How do you solve Can Place Flowers on LeetCode?

Can Place Flowers (LeetCode #605) can be solved using Brute Force or Optimal Solution. The optimal approach is Optimal Solution with O(n) time complexity and O(1) space complexity. Key insight: Understanding the constraints of adjacent plots is crucial for determining valid planting positions.

What is the time complexity of Can Place Flowers?

The optimal solution for Can Place Flowers runs in O(n) time and uses O(1) space.

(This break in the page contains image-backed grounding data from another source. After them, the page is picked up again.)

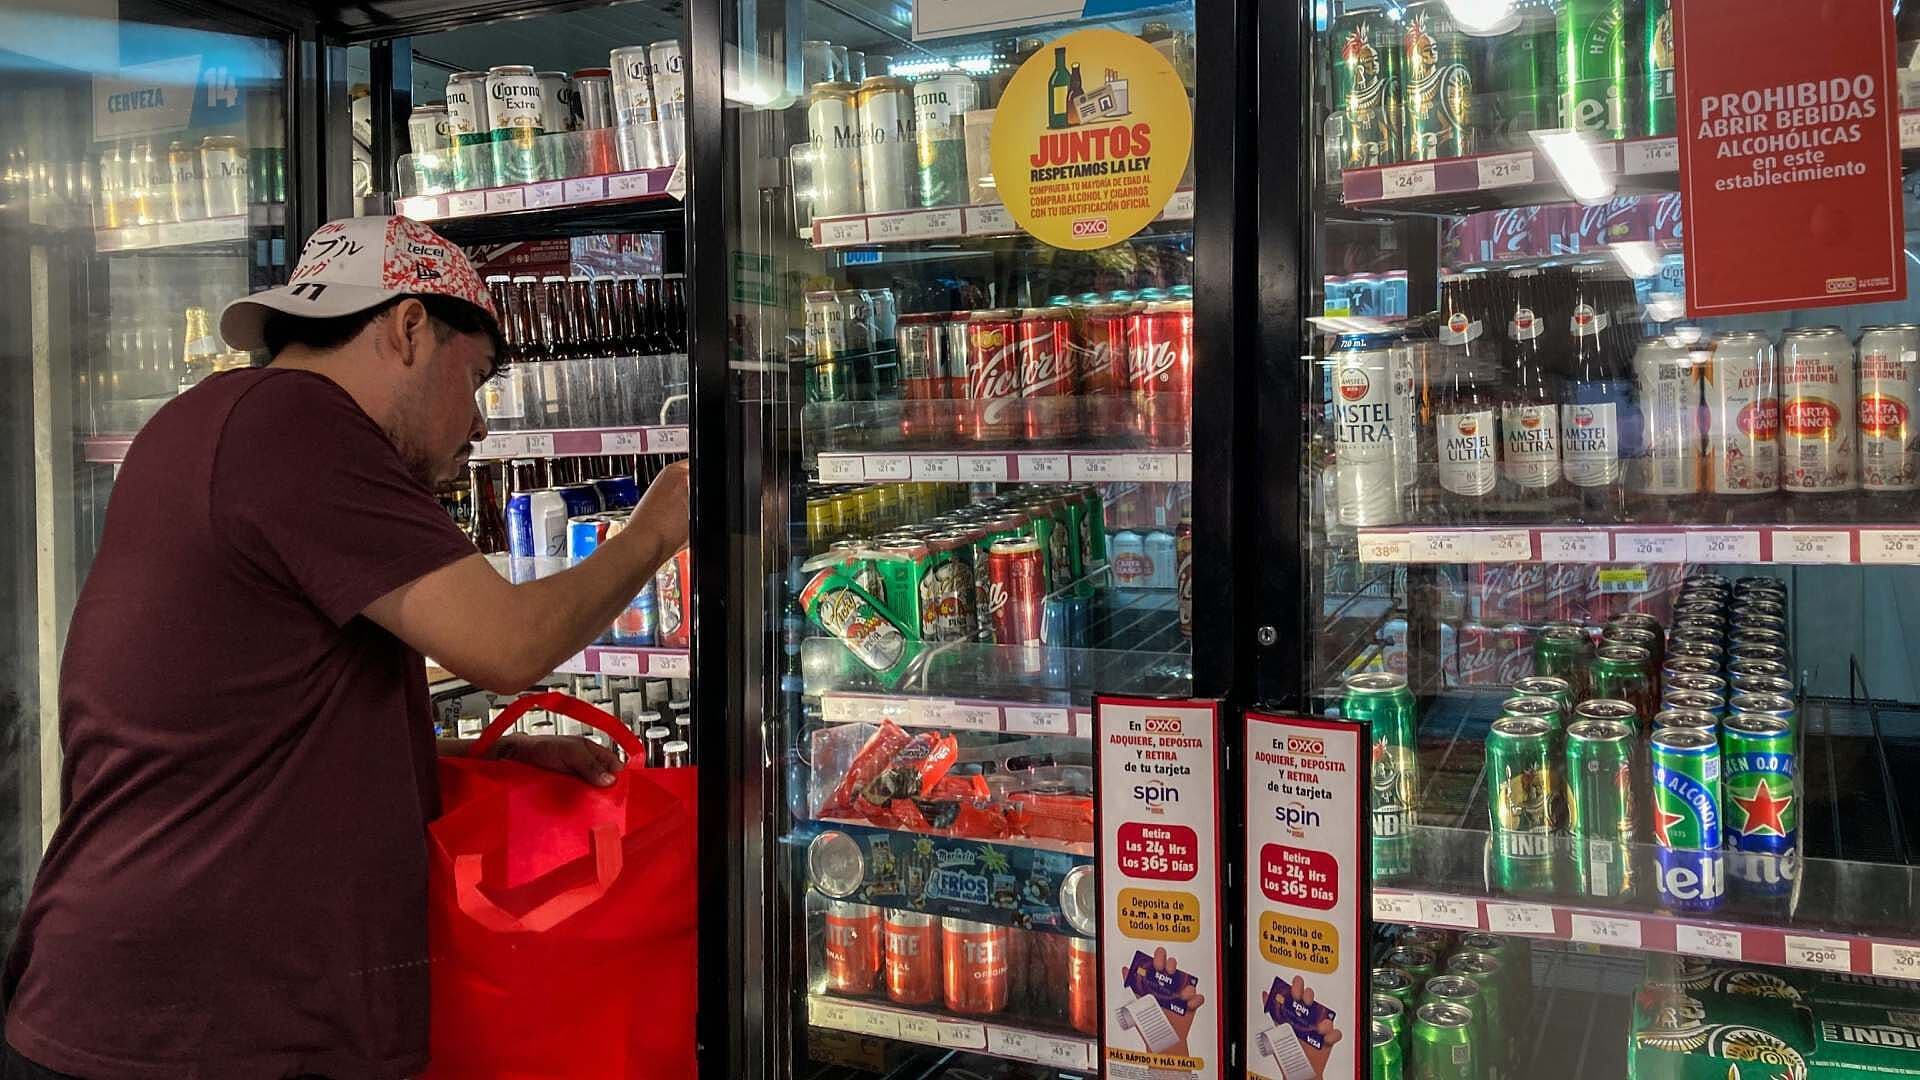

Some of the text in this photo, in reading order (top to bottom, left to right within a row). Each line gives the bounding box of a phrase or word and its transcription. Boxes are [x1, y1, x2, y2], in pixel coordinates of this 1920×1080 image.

[204, 67, 238, 108] 14
[491, 82, 540, 102] Corona
[107, 88, 164, 113] CERVEZA
[506, 99, 535, 110] Extra
[1701, 74, 1875, 121] PROHIBIDO
[1697, 99, 1876, 140] ABRIR BEBIDAS
[1030, 123, 1151, 168] JUNTOS
[1717, 124, 1861, 160] ALCOHÓLICAS
[1752, 149, 1825, 170] en este
[1030, 157, 1151, 182] RESPETAMOS LA LEY
[1715, 160, 1866, 191] establecimiento
[1029, 174, 1151, 195] COMPRUEBA TU MAYORÍA DE EDAD AL
[1030, 186, 1149, 207] COMPRAR ALCOHOL Y CIGARROS
[1030, 199, 1150, 219] CON TU IDENTIFICACIÓN OFICIAL
[1073, 220, 1107, 234] OXXO
[408, 242, 444, 258] telcel
[291, 283, 328, 301] 11
[1509, 428, 1554, 442] AMSTEL
[1512, 441, 1553, 452] ULTRA
[1566, 439, 1606, 451] ULTRA
[1129, 720, 1141, 732] En
[1110, 734, 1203, 748] ADQUIERE, DEPOSITA
[1272, 738, 1284, 750] En
[1136, 750, 1177, 761] Y RETIRA
[1255, 751, 1346, 772] ADQUIERE, DEPOSITA
[1124, 762, 1190, 777] de tu tarjeta
[1279, 769, 1319, 784] Y RETIRA
[1133, 782, 1179, 805] spin
[1267, 781, 1332, 800] de tu tarjeta
[1275, 804, 1320, 827] spin
[1142, 828, 1171, 839] Retira
[1126, 840, 1186, 856] Las 24 Hrs
[1123, 855, 1194, 873] Los 365 Días
[1283, 851, 1311, 865] Retira
[1267, 861, 1327, 882] Las 24 Hrs
[1264, 878, 1334, 901] Los 365 Días
[1132, 897, 1184, 910] Deposita de
[1122, 908, 1127, 917] 6
[1130, 911, 1150, 919] a.m.
[1161, 912, 1171, 920] 10
[1173, 913, 1195, 923] p.m.
[1129, 919, 1191, 934] todos los días
[1272, 921, 1322, 940] Deposita de
[1270, 934, 1289, 946] a.m.
[1291, 939, 1297, 947] a
[1299, 940, 1310, 950] 10
[1312, 942, 1334, 954] p.m.
[1269, 944, 1329, 965] todos los días
[1154, 971, 1173, 985] spin
[1170, 1003, 1185, 1015] VISA
[1292, 1001, 1309, 1016] spin
[1306, 1036, 1321, 1049] VISA
[1109, 1049, 1124, 1060] MÁS
[1125, 1051, 1151, 1064] RÁPIDO
[1160, 1055, 1175, 1067] MÁS
[1177, 1056, 1196, 1069] FÁCIL

This approach runs in O(n) time because we only make a single pass through the flowerbed array, checking each plot once.

What is the brute force solution for Can Place Flowers?

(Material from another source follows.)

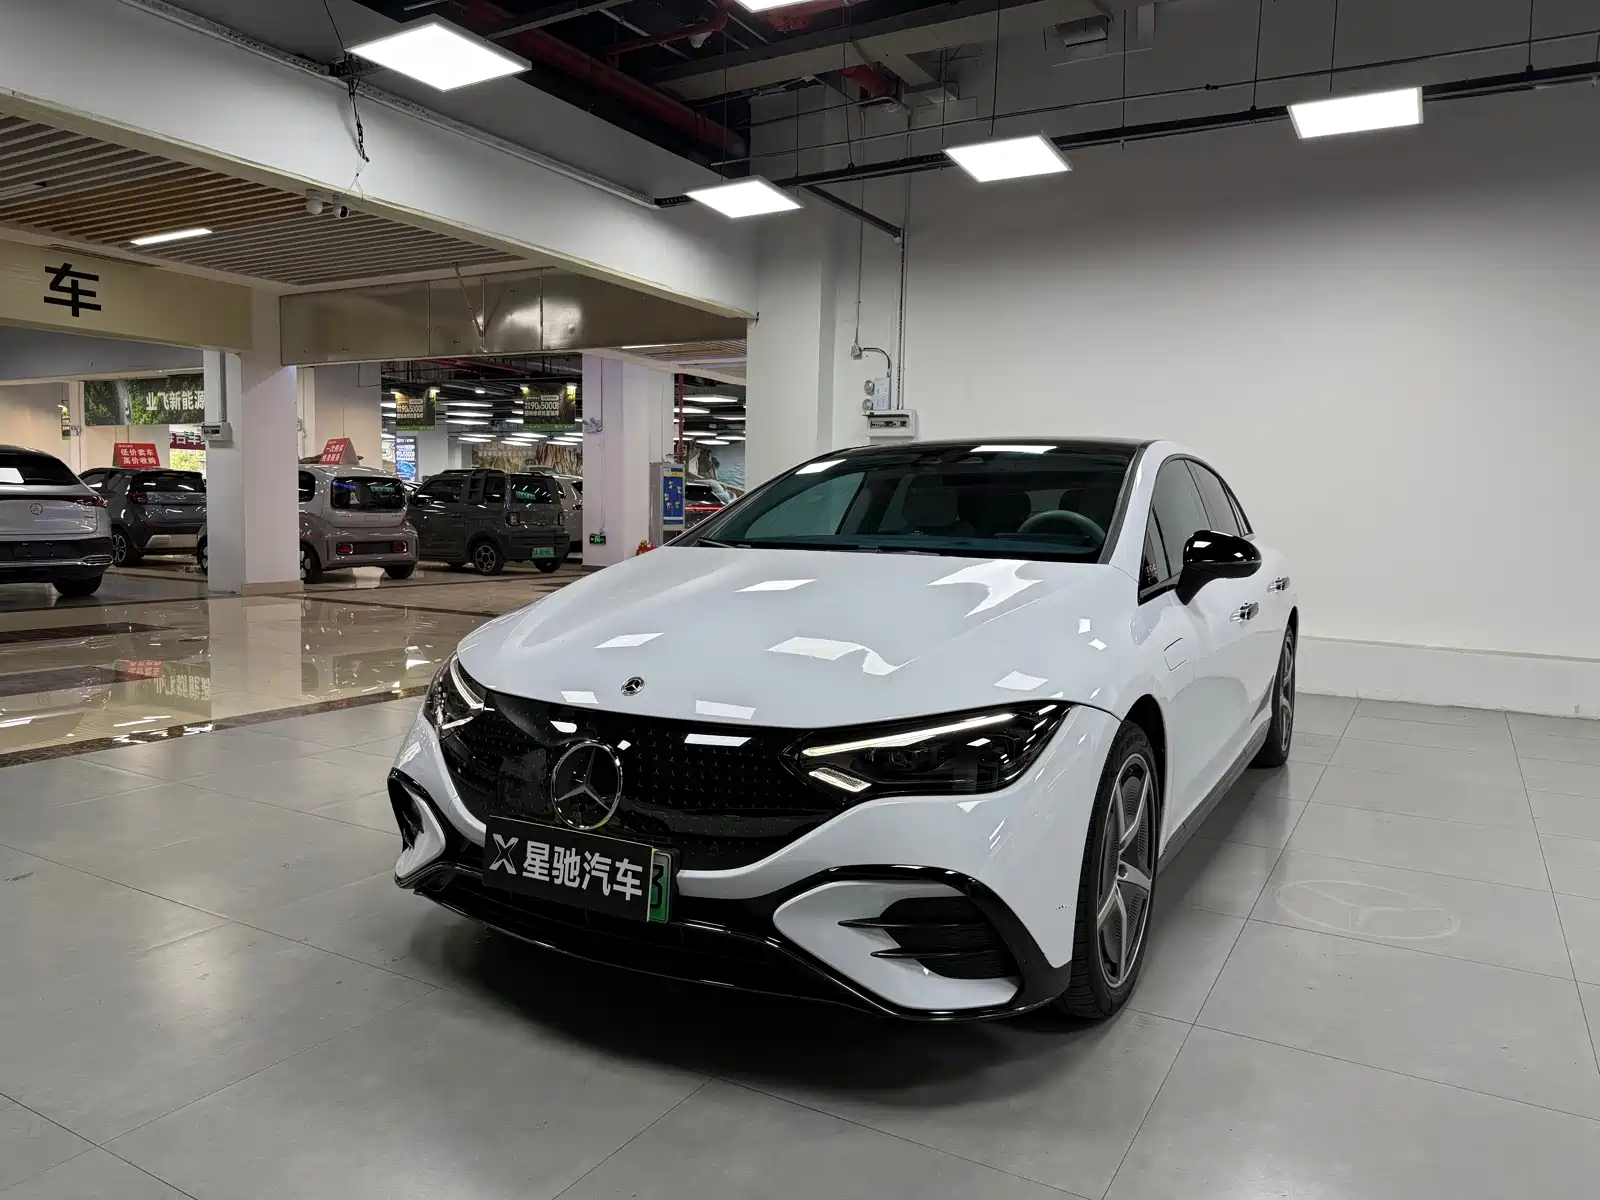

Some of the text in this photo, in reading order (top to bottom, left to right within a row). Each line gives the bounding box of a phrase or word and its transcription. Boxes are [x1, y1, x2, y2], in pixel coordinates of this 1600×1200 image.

The brute force approach for Can Place Flowers is Brute Force, with O(n²) time complexity and O(1) space complexity. The brute-force approach checks every possible position in the flowerbed to see if we can plant a flower. It tries to place a flower in each empty spot and checks if the adjacent spots are empty, which can be slow. The optimal Optimal Solution approach improves this to O(n).

What algorithm or data structure is used to solve Can Place Flowers?

Can Place Flowers uses the following concepts: Array, Greedy. The recommended patterns to study are: Greedy, Array.

What are the interview tips for Can Place Flowers?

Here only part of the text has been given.